What this task involves ▸
Print out the data exactly, keeping every image out of it.

(Stored data entries)
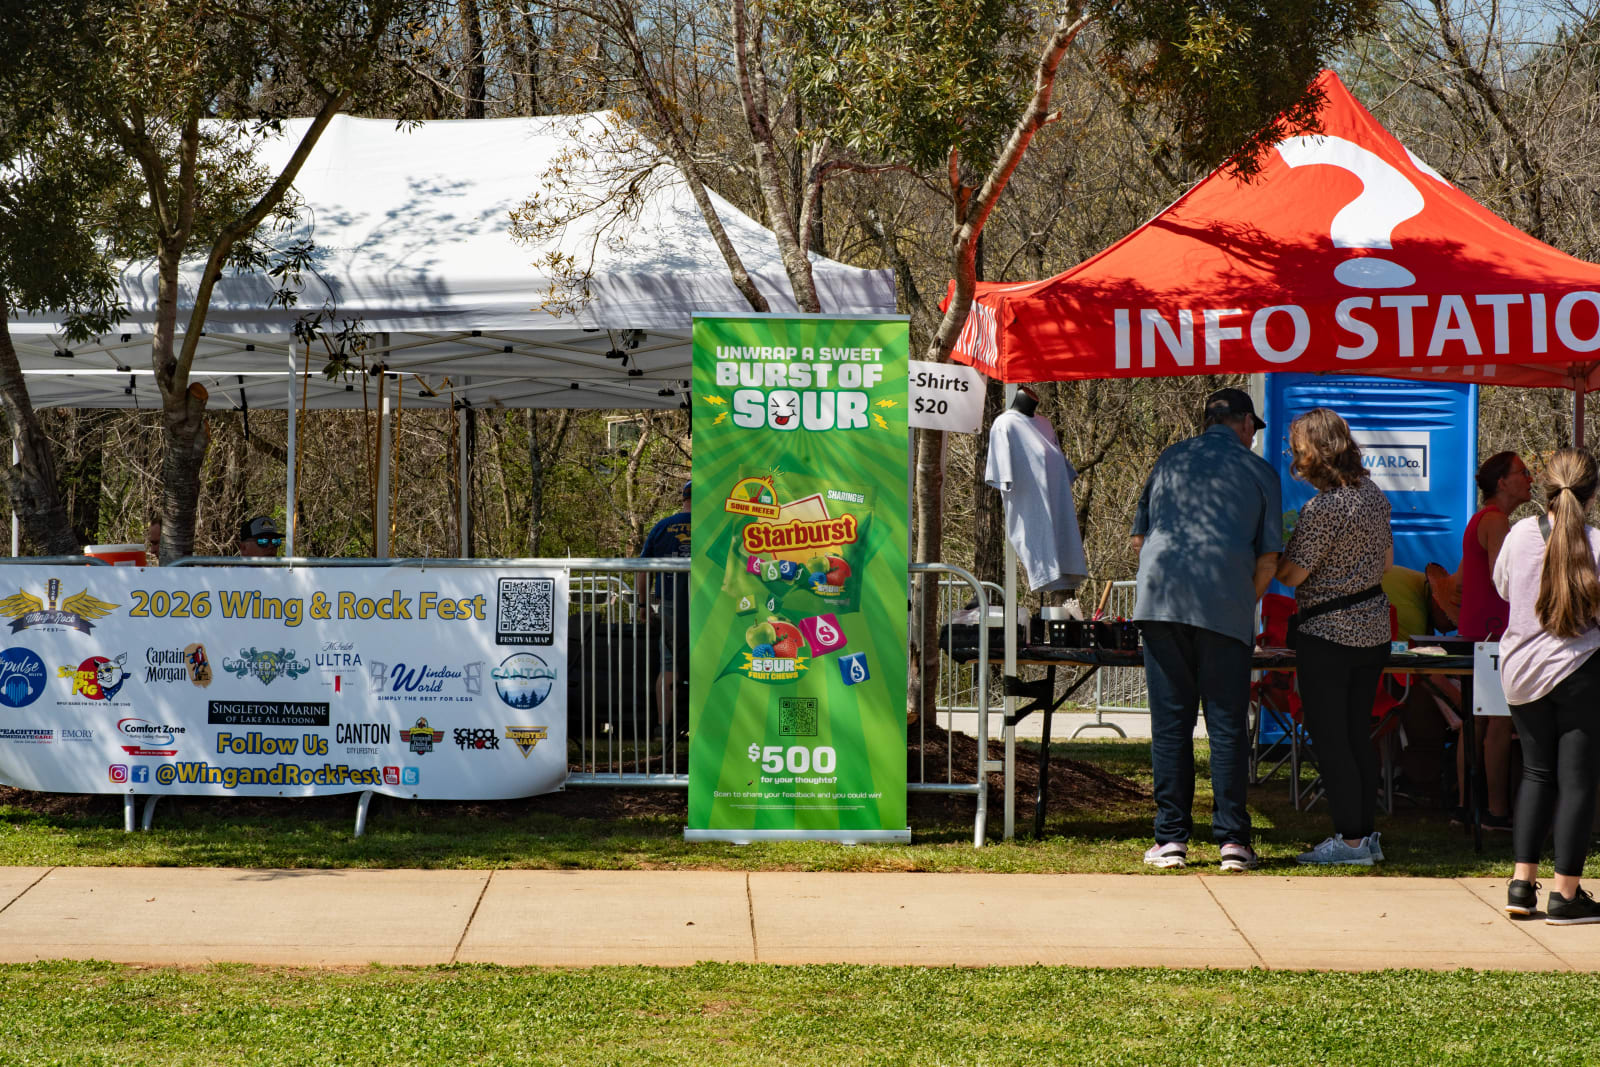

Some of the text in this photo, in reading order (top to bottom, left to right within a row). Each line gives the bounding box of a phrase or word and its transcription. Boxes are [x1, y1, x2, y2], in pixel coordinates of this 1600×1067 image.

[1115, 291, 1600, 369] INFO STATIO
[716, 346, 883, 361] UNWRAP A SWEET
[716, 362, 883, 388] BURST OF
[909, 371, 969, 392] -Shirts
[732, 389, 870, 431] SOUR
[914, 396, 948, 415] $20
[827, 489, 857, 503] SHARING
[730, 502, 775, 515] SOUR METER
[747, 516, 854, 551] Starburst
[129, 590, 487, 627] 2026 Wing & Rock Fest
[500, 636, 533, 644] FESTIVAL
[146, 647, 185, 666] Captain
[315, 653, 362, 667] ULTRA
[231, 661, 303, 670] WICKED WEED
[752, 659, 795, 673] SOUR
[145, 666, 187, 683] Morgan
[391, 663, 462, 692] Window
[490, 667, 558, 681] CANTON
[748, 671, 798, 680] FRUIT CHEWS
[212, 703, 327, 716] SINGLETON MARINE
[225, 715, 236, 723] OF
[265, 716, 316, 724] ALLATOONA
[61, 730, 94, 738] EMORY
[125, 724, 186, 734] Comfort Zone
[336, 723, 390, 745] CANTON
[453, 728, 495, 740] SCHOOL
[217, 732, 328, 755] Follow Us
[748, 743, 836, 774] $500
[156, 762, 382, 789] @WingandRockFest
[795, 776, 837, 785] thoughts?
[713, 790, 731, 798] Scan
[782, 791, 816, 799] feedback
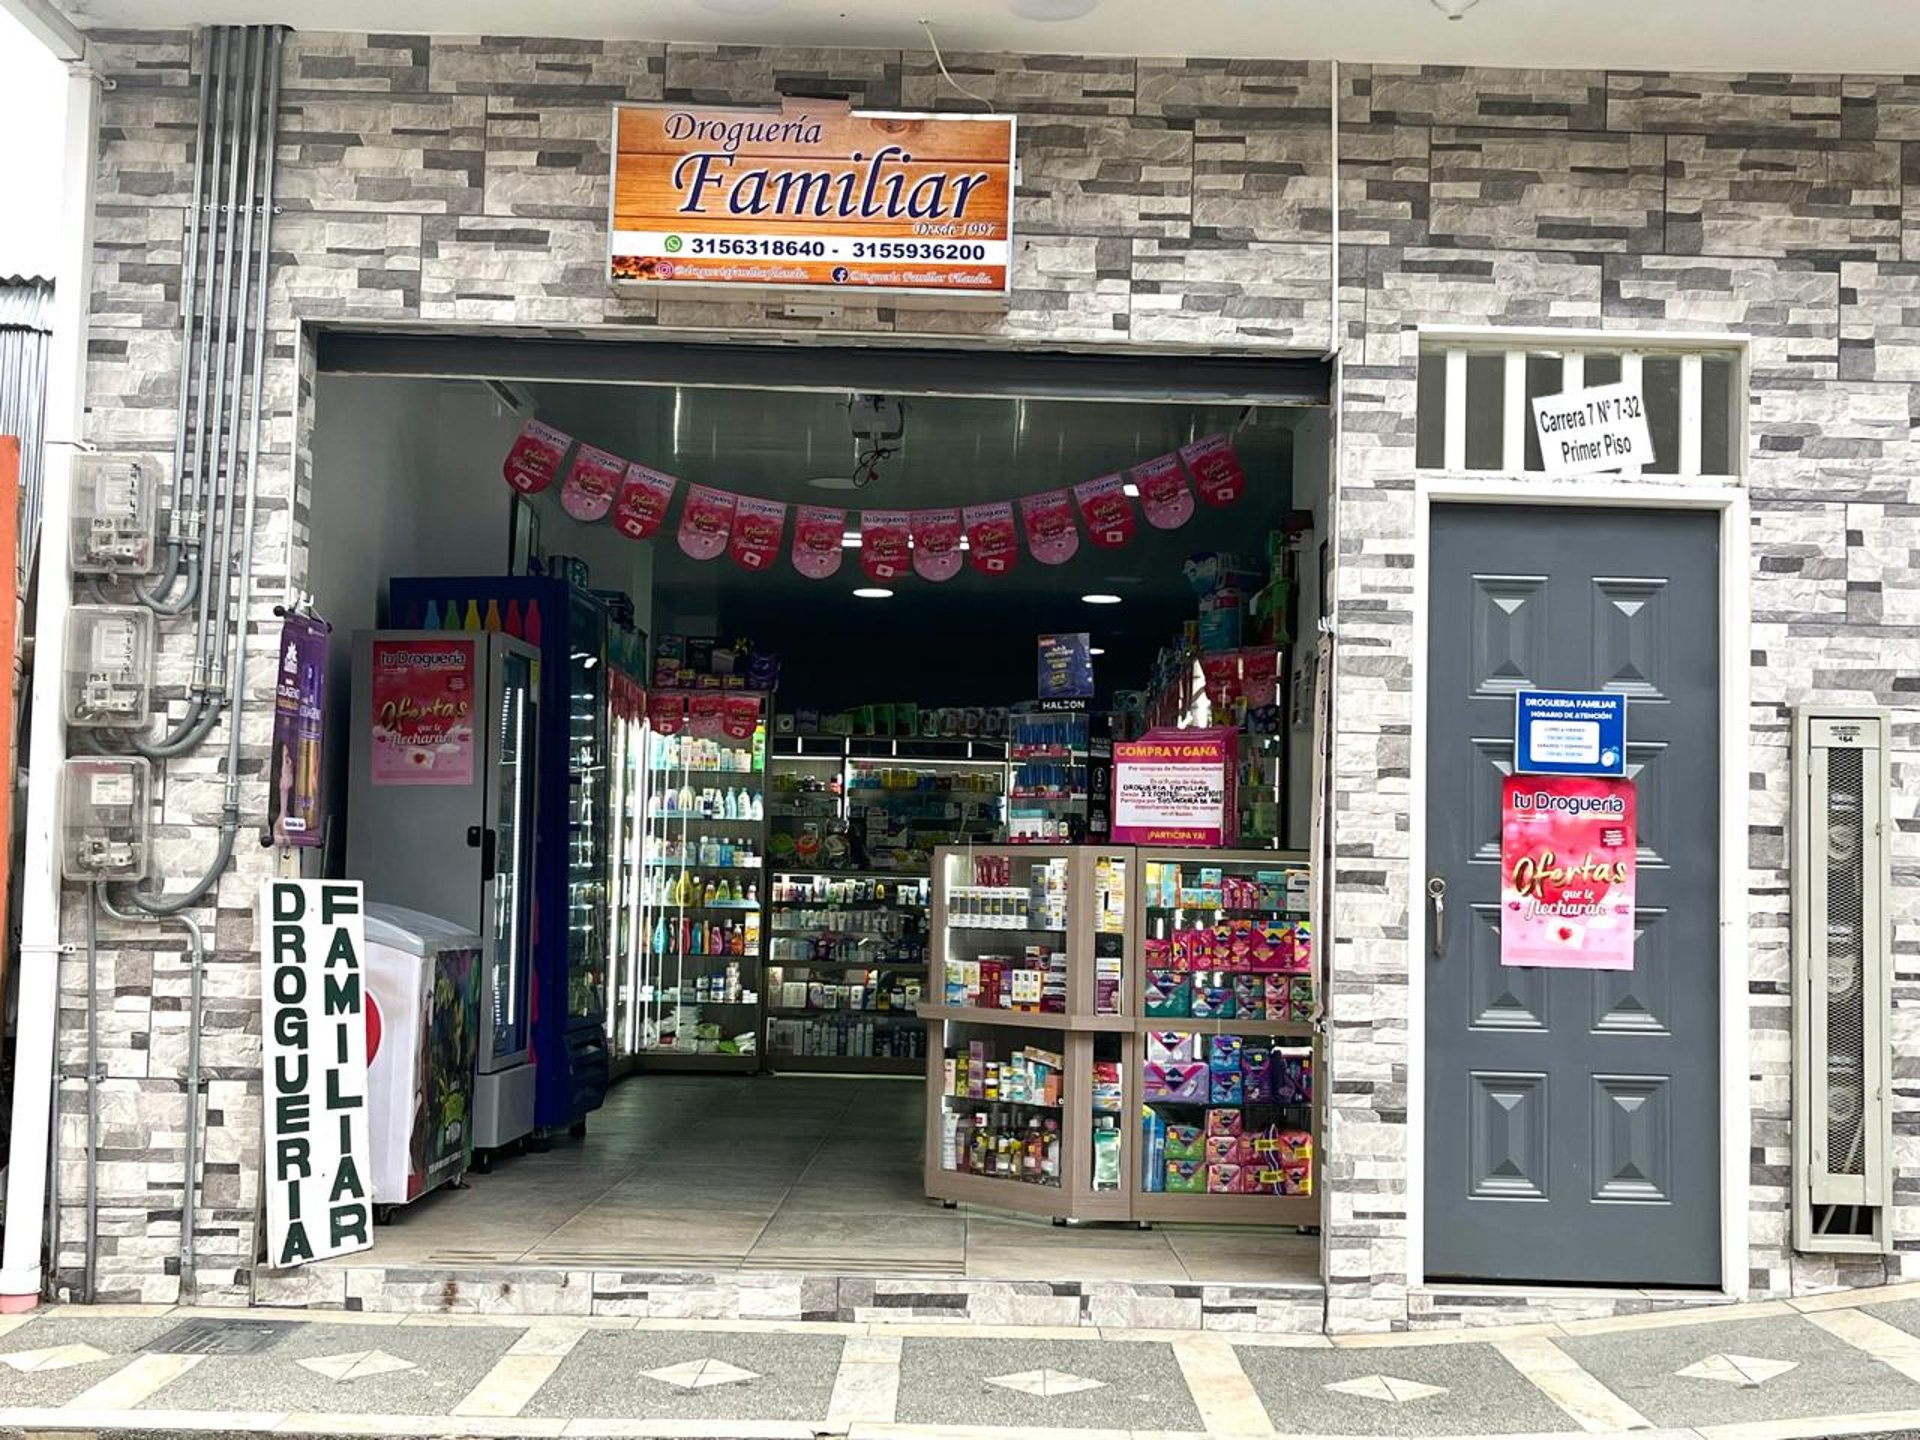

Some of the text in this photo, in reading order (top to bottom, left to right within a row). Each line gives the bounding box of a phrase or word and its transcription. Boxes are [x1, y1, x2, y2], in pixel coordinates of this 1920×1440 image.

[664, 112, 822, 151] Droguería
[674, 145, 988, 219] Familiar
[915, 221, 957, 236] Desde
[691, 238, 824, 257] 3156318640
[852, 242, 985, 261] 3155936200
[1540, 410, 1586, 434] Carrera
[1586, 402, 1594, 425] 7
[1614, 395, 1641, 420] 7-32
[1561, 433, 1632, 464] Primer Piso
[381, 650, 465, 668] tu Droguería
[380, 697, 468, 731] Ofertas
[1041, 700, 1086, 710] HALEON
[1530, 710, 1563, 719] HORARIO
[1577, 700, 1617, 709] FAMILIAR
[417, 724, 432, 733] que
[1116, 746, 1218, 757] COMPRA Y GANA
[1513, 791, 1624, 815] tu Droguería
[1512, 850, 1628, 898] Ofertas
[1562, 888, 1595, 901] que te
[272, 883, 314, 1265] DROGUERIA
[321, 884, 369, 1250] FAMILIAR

Result ▸
Some of the text in this photo, in reading order (top to bottom, left to right within a row). Each line gives the bounding box of a phrase or word and its transcription. Boxes are [x1, y1, x2, y2], in pixel coordinates of this 1600×1067 image.

[1115, 291, 1600, 369] INFO STATIO
[716, 346, 883, 361] UNWRAP A SWEET
[716, 362, 883, 388] BURST OF
[909, 371, 969, 392] -Shirts
[732, 389, 870, 431] SOUR
[914, 396, 948, 415] $20
[827, 489, 857, 503] SHARING
[730, 502, 775, 515] SOUR METER
[747, 516, 854, 551] Starburst
[129, 590, 487, 627] 2026 Wing & Rock Fest
[500, 636, 533, 644] FESTIVAL
[146, 647, 185, 666] Captain
[315, 653, 362, 667] ULTRA
[231, 661, 303, 670] WICKED WEED
[752, 659, 795, 673] SOUR
[145, 666, 187, 683] Morgan
[391, 663, 462, 692] Window
[490, 667, 558, 681] CANTON
[748, 671, 798, 680] FRUIT CHEWS
[212, 703, 327, 716] SINGLETON MARINE
[225, 715, 236, 723] OF
[265, 716, 316, 724] ALLATOONA
[61, 730, 94, 738] EMORY
[125, 724, 186, 734] Comfort Zone
[336, 723, 390, 745] CANTON
[453, 728, 495, 740] SCHOOL
[217, 732, 328, 755] Follow Us
[748, 743, 836, 774] $500
[156, 762, 382, 789] @WingandRockFest
[795, 776, 837, 785] thoughts?
[713, 790, 731, 798] Scan
[782, 791, 816, 799] feedback

Some of the text in this photo, in reading order (top to bottom, left to right within a row). Each line gives the bounding box of a phrase or word and its transcription. Boxes are [x1, y1, x2, y2], in pixel coordinates of this 1920×1440 image.

[664, 112, 822, 151] Droguería
[674, 145, 988, 219] Familiar
[915, 221, 957, 236] Desde
[691, 238, 824, 257] 3156318640
[852, 242, 985, 261] 3155936200
[1540, 410, 1586, 434] Carrera
[1586, 402, 1594, 425] 7
[1614, 395, 1641, 420] 7-32
[1561, 433, 1632, 464] Primer Piso
[381, 650, 465, 668] tu Droguería
[380, 697, 468, 731] Ofertas
[1041, 700, 1086, 710] HALEON
[1530, 710, 1563, 719] HORARIO
[1577, 700, 1617, 709] FAMILIAR
[417, 724, 432, 733] que
[1116, 746, 1218, 757] COMPRA Y GANA
[1513, 791, 1624, 815] tu Droguería
[1512, 850, 1628, 898] Ofertas
[1562, 888, 1595, 901] que te
[272, 883, 314, 1265] DROGUERIA
[321, 884, 369, 1250] FAMILIAR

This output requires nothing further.